Aim of the task :: Leave every picture out, and write out the remaining entries exactly.

Text-to-region grounding data

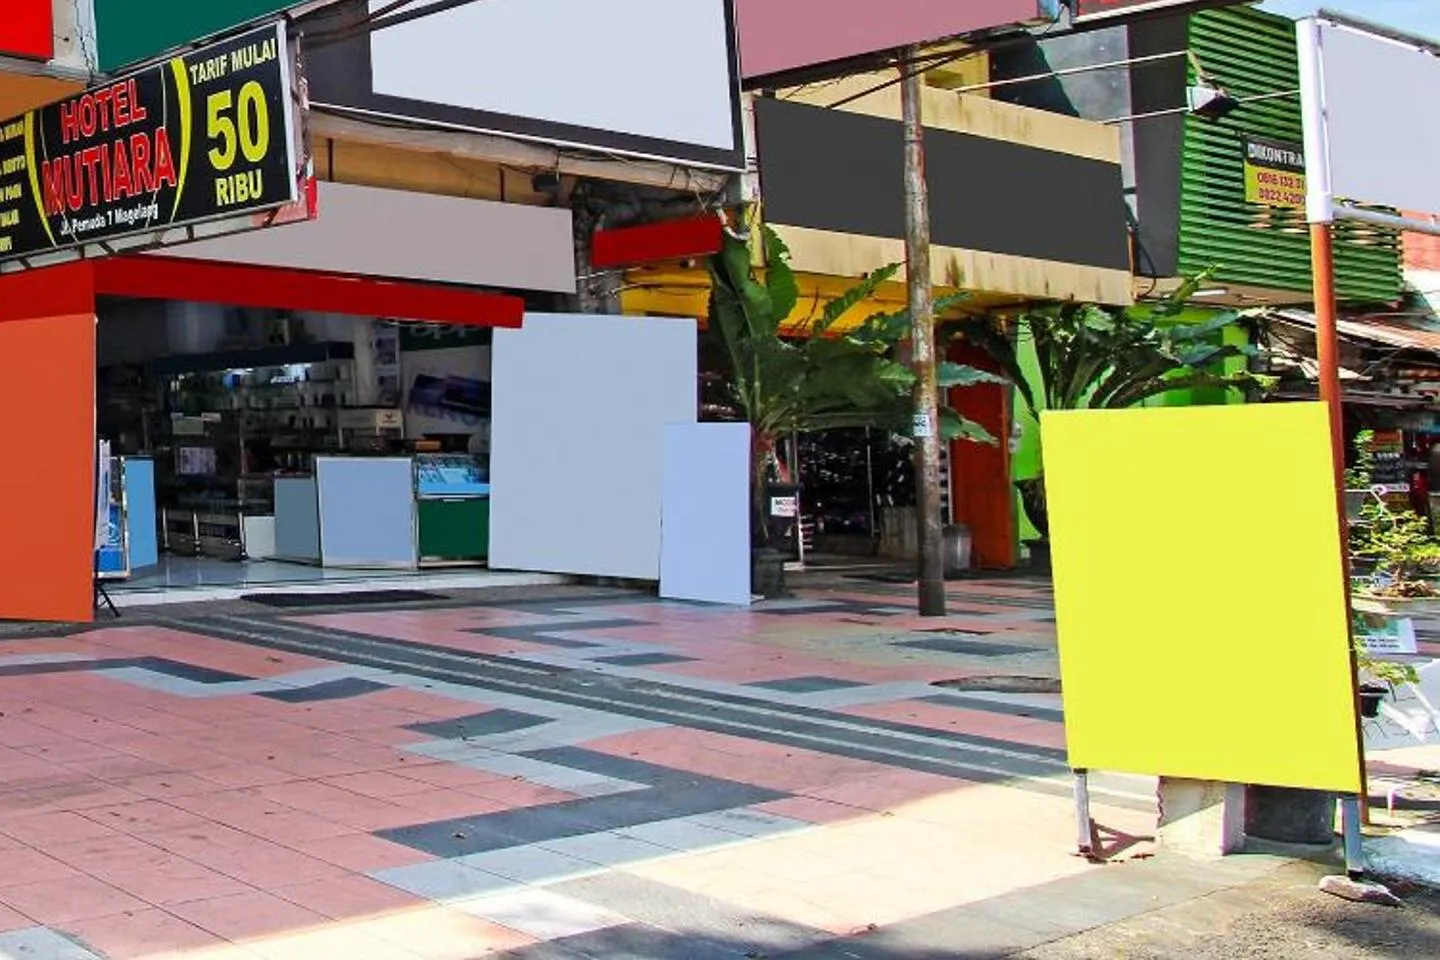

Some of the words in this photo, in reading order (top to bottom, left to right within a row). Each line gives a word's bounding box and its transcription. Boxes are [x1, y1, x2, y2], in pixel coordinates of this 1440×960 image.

[190, 54, 228, 86] TARIF
[230, 37, 277, 72] MULAI
[60, 78, 147, 145] HOTEL
[206, 80, 270, 171] 50
[41, 127, 177, 218] MUTIARA
[215, 169, 263, 207] RIBU
[72, 213, 107, 233] Pemuda
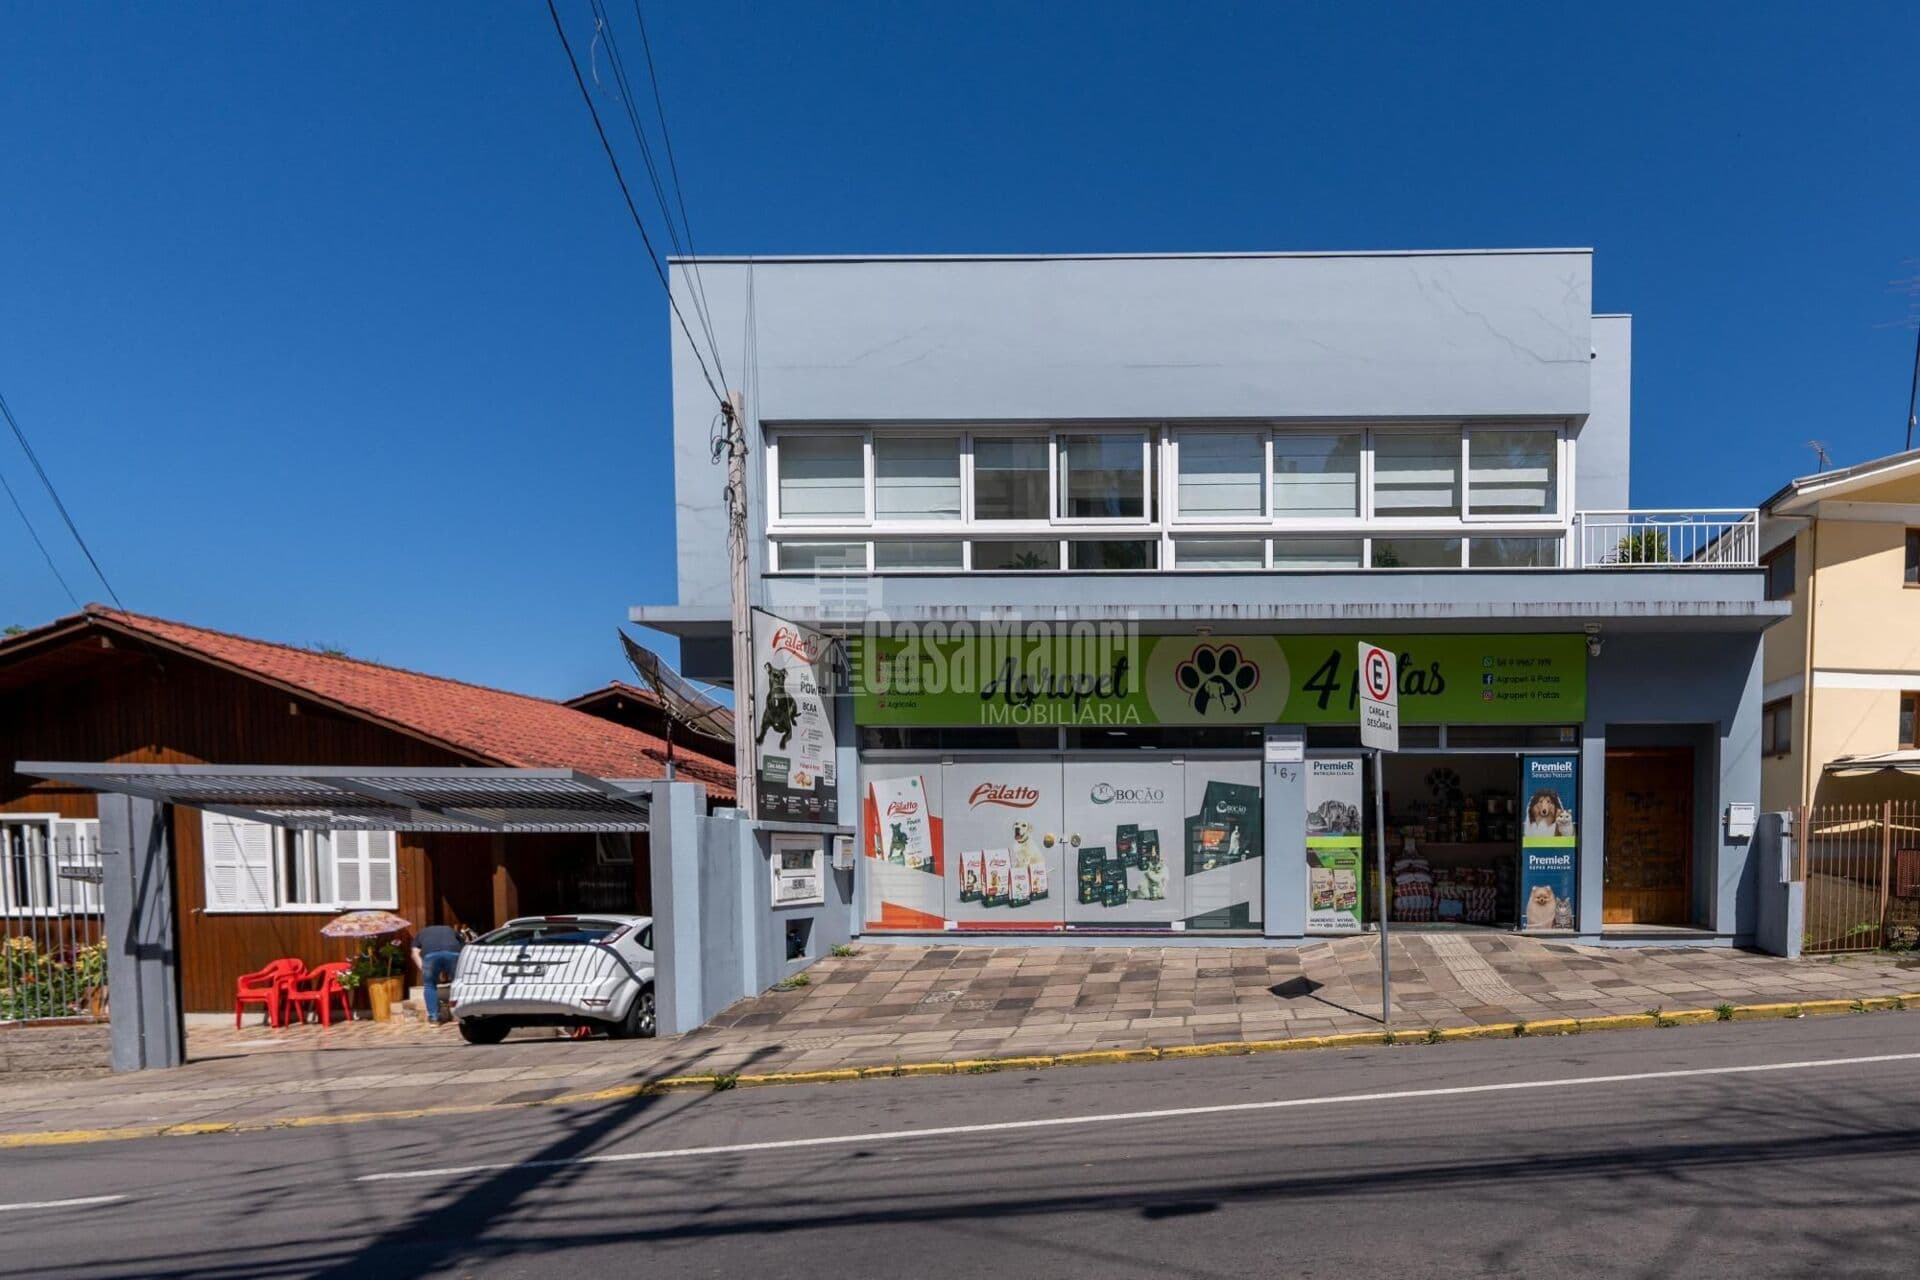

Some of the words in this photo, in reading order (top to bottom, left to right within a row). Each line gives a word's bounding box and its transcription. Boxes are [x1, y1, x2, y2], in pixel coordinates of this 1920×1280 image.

[1302, 649, 1342, 710] 4
[1349, 652, 1446, 711] tas
[1373, 659, 1384, 691] E
[980, 657, 1129, 714] Agropet
[1369, 706, 1386, 717] CARGA
[1367, 718, 1392, 731] DESCARGA
[1313, 761, 1354, 770] PremieR
[1531, 761, 1573, 771] PremieR
[968, 782, 1040, 808] Palatto
[1116, 787, 1164, 801] BOCÃO
[1529, 855, 1570, 864] PremieR
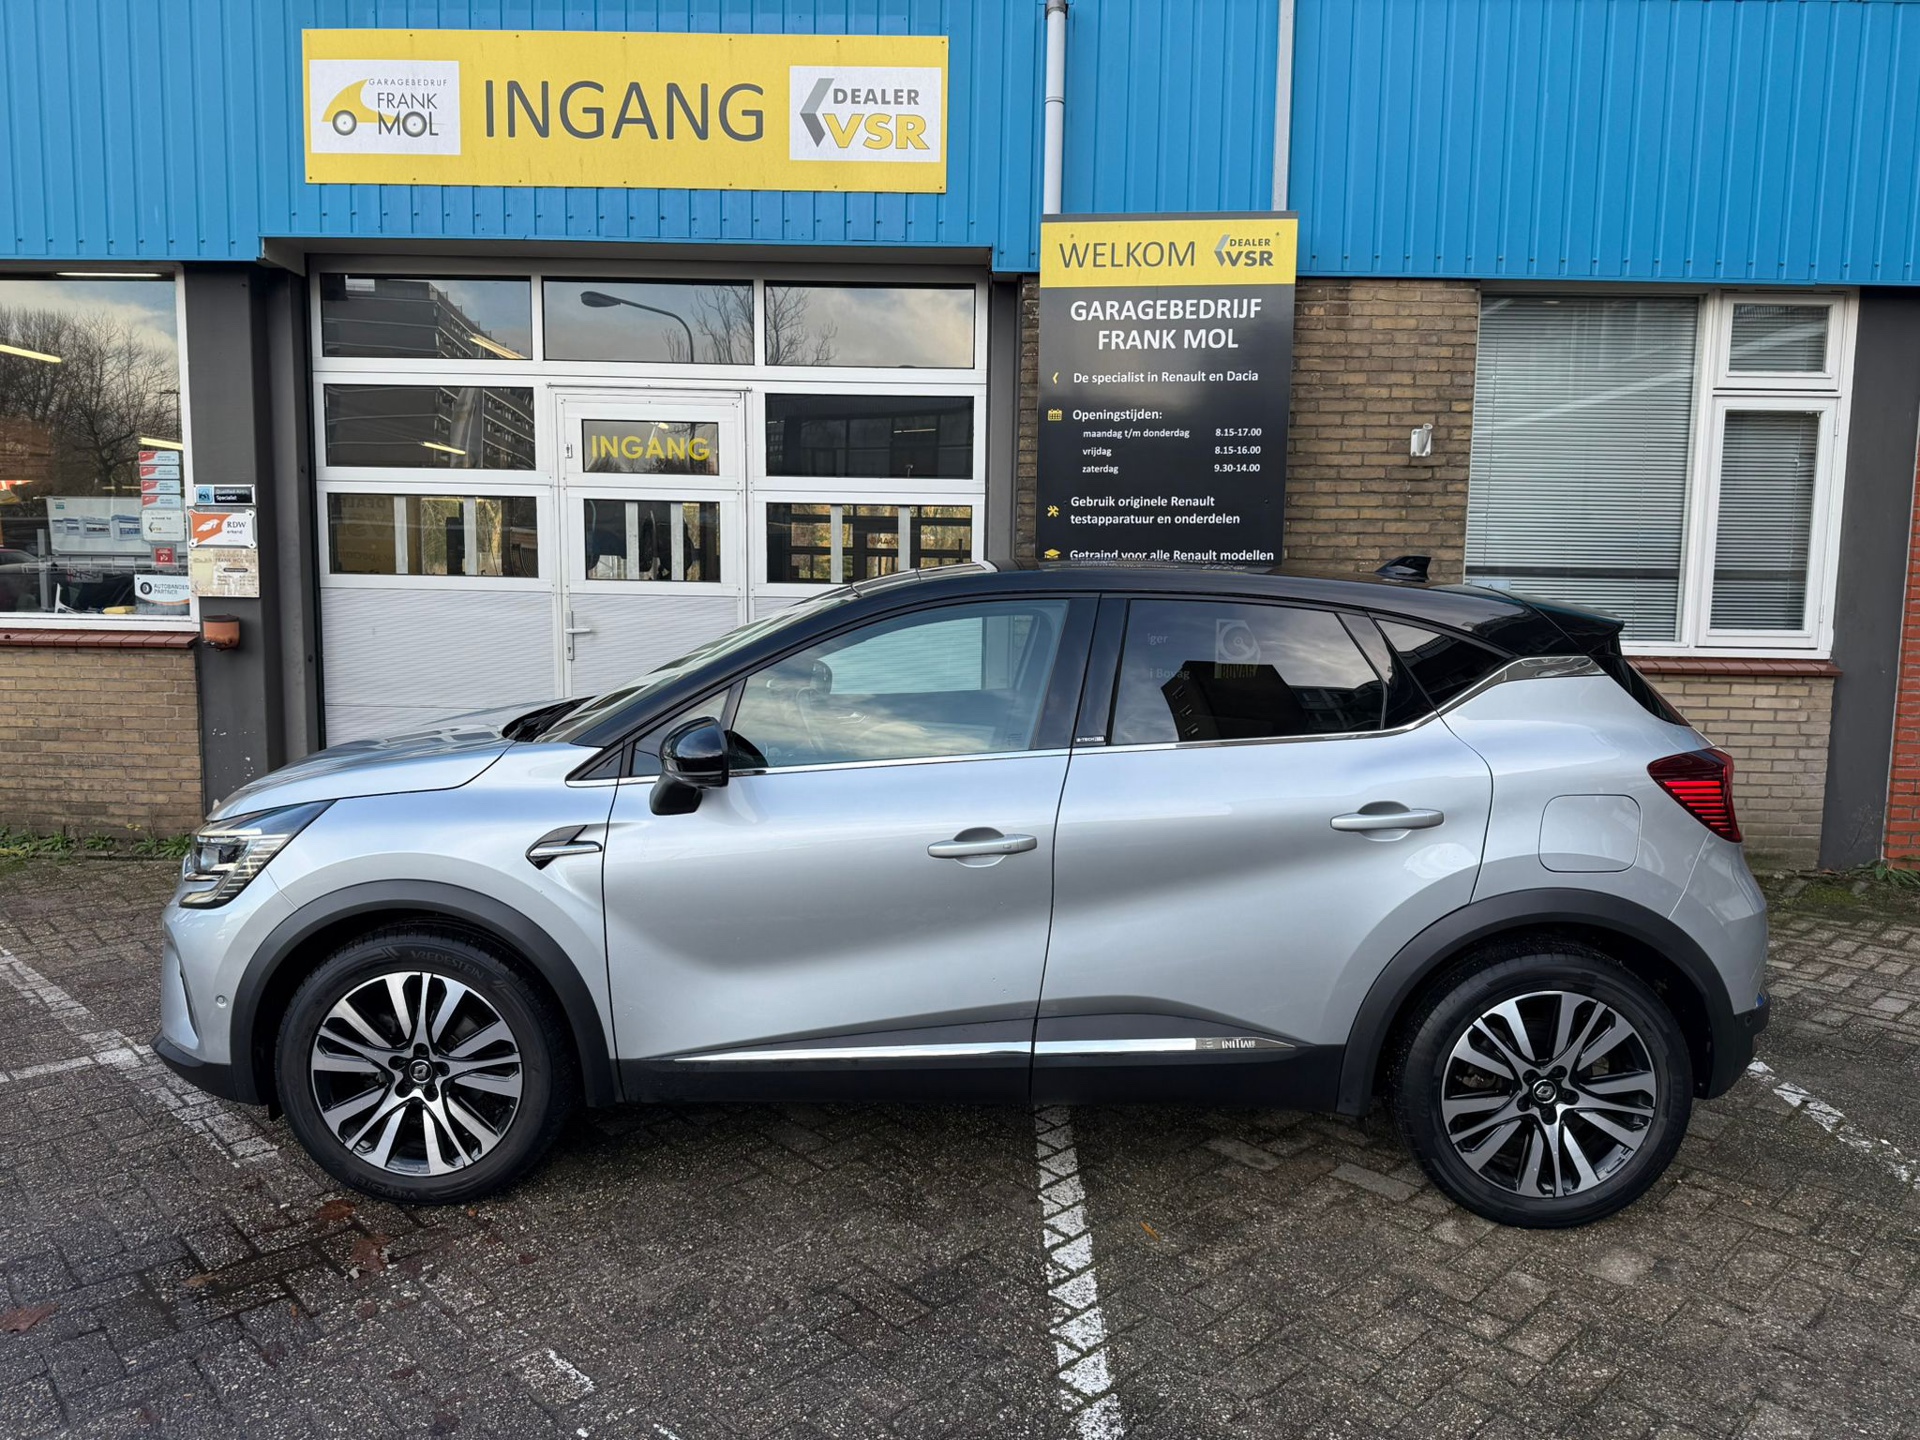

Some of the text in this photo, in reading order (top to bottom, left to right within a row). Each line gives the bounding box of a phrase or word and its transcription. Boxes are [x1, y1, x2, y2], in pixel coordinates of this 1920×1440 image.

Task answer ::
Some of the words in this photo, in reading order (top to bottom, left to right within a row). Each line gives a word's bounding box and its transcription. Boxes are [x1, y1, x2, y2], in pixel coordinates of this 1440×960 image.

[190, 54, 228, 86] TARIF
[230, 37, 277, 72] MULAI
[60, 78, 147, 145] HOTEL
[206, 80, 270, 171] 50
[41, 127, 177, 218] MUTIARA
[215, 169, 263, 207] RIBU
[72, 213, 107, 233] Pemuda

Some of the words in this photo, in reading order (top to bottom, left to right within a row). Each line gives a word's bounding box and its transcription. Boxes are [x1, y1, x2, y2], in pixel coordinates of this 1920×1280 image.

[1302, 649, 1342, 710] 4
[1349, 652, 1446, 711] tas
[1373, 659, 1384, 691] E
[980, 657, 1129, 714] Agropet
[1369, 706, 1386, 717] CARGA
[1367, 718, 1392, 731] DESCARGA
[1313, 761, 1354, 770] PremieR
[1531, 761, 1573, 771] PremieR
[968, 782, 1040, 808] Palatto
[1116, 787, 1164, 801] BOCÃO
[1529, 855, 1570, 864] PremieR

Some of the text in this photo, in reading order (top to bottom, left to right within a row). Each line gives the bounding box of a phrase or word and its transcription. Boxes are [x1, y1, x2, y2], in pixel coordinates of this 1920×1440 image.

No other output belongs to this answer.